〜 〜 『 寅 の 読 書 室  Part ]-T』 〜 〜

2012/02/02 (木) 小 田 原 進 撃 (七)

本多作左衛門は廊下へ出たところで、大久保彦左衛門に出会った。
「ご老体、だいぶ大きな声をお出しなされましたな」
「平助か。聞いていたのか」
「あの大きな声、いやでも耳に・・・・」
彦左衛門はそう言うと声をおとして、
「しかし、ほかの者に聞かせたくないゆえ、近づく者を見張っていました。仮にも大納言じゃ。あまり頭ごなしにやられるところは若い者には見せとうない」
「平助」
「なんじゃご老体」
「わしはこなたの長屋に一泊しよう」
「それはまた、どうした風の吹きまわしで」
宿直とのい 誰かに変わらせて、わしを連れてゆけ。寝酒はほんの少々でよい」
「恐れ入りましたなあ。ではしばらく・・・・」
作左を廊下へ待たせたままで、宿直の間に駆け込み、すぐまたニヤニヤしながら戻って来た。
「寝酒の用意はありますが、頭ごなしのさかな はあまりありがたくないなあ」
「そうではない。わしはこなたに頼みおきたいことがあるのじゃ」
「ほう、では、ご案内を」
「どうじゃ。近ごろ駿府の士風は、ゆるんでおらぬか」
「この大久保彦左がある限りは」
「大きく出たのう」
「何の、ご老体の足もとにも及びませぬ」
「平助」
「はい」
「こなた、禄もいらぬ。
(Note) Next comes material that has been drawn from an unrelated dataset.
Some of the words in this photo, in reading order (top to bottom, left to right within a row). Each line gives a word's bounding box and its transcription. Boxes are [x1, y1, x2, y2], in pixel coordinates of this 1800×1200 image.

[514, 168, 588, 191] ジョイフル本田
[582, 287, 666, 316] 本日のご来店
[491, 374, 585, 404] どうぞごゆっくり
名誉もいらぬ。生命もいらぬという人間に出会うたことがあるか」
「これはまた、面白い問い方じゃ。ありまするなあ。たった一人」
追従ついしょう はよせ。その一人というのはわしのことであろう」
「少し違いましたなあ」
「なに違うた・・・・では、誰じゃそれは?」
「大久保彦左衛門という男で」
「ワッハッハッハ・・・・おぬしは、わしにないものを持っている」
「それは、裕福でござりまするからな」
「そうではない。余計なことをして損をするたち・・ と、おもしろい減らず口をたたくことじゃ」
「ご老人を見習うておりますので」
「わしは口数は少ない方だ。それに話せば人を怒らせる」
「それがご老体の身上しんじょう じゃ。しかし、ご老体は岡崎を隠居したいお心のようにうけたまわりましたが、隠居しっぱなしではござるまい」
「なに、その事まで聞いていたのか」
二人は肩を並べて大玄関を出ると、前庭を右へ折れて大久保曲輪くるわ の方へ歩いた。
作左は大久保兄弟の中では、なぜかこの、今は彦左衛門と言っている平助が好きであった。
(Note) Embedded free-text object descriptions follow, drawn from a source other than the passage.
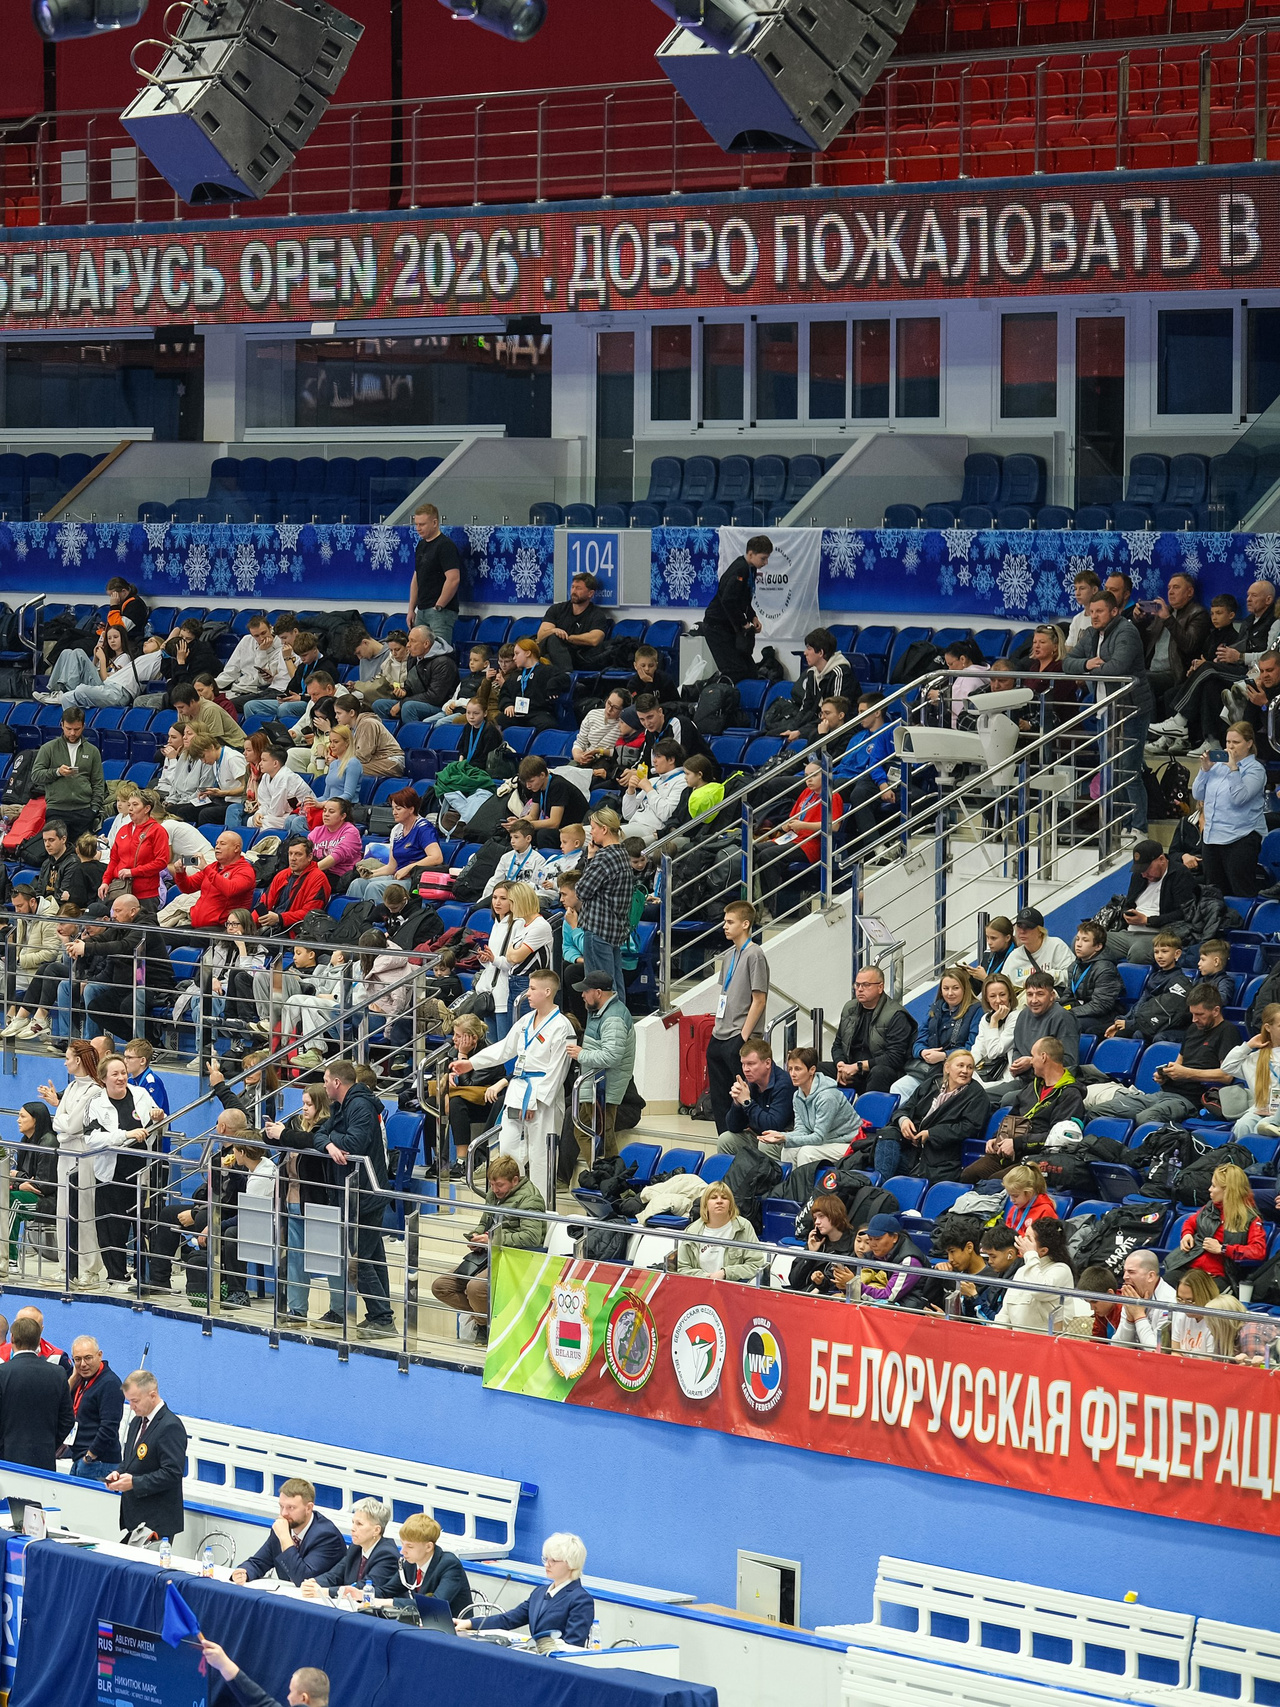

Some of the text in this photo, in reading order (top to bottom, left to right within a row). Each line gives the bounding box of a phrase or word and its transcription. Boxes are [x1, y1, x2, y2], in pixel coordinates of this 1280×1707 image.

[240, 234, 377, 304] OPEN
[567, 218, 758, 307] ДОБРО
[773, 197, 1201, 284] ПОЖАЛОВАТЬ
[1220, 193, 1261, 265] В
[572, 540, 614, 578] 104
[1105, 1236, 1137, 1268] KARATE
[752, 1317, 771, 1329] WORLD
[555, 1348, 582, 1360] BELARUS
[748, 1353, 773, 1375] WKF
[755, 1388, 783, 1412] FEDERATION
[808, 1337, 1280, 1500] БЕЛОРУССКАЯ ФЕДЕРАЦ
[98, 1637, 113, 1652] RUS
[115, 1634, 155, 1653] ABLEYEV ARTEM
[97, 1678, 113, 1693] BLR
[114, 1675, 141, 1691] НИКИТЮК
[141, 1682, 157, 1695] МАРК
作左によく似た硬骨漢で、しかも作左以上の毒舌家でありながら、どこかに豊な人間味とおかしみをたたえている。
文才もなかなかある方だったし槍の腕も並々ならぬものがあった。
作左はその平助に、何を話そうとするのか、珍しく明るい表情になって平助の住居の門をくぐった。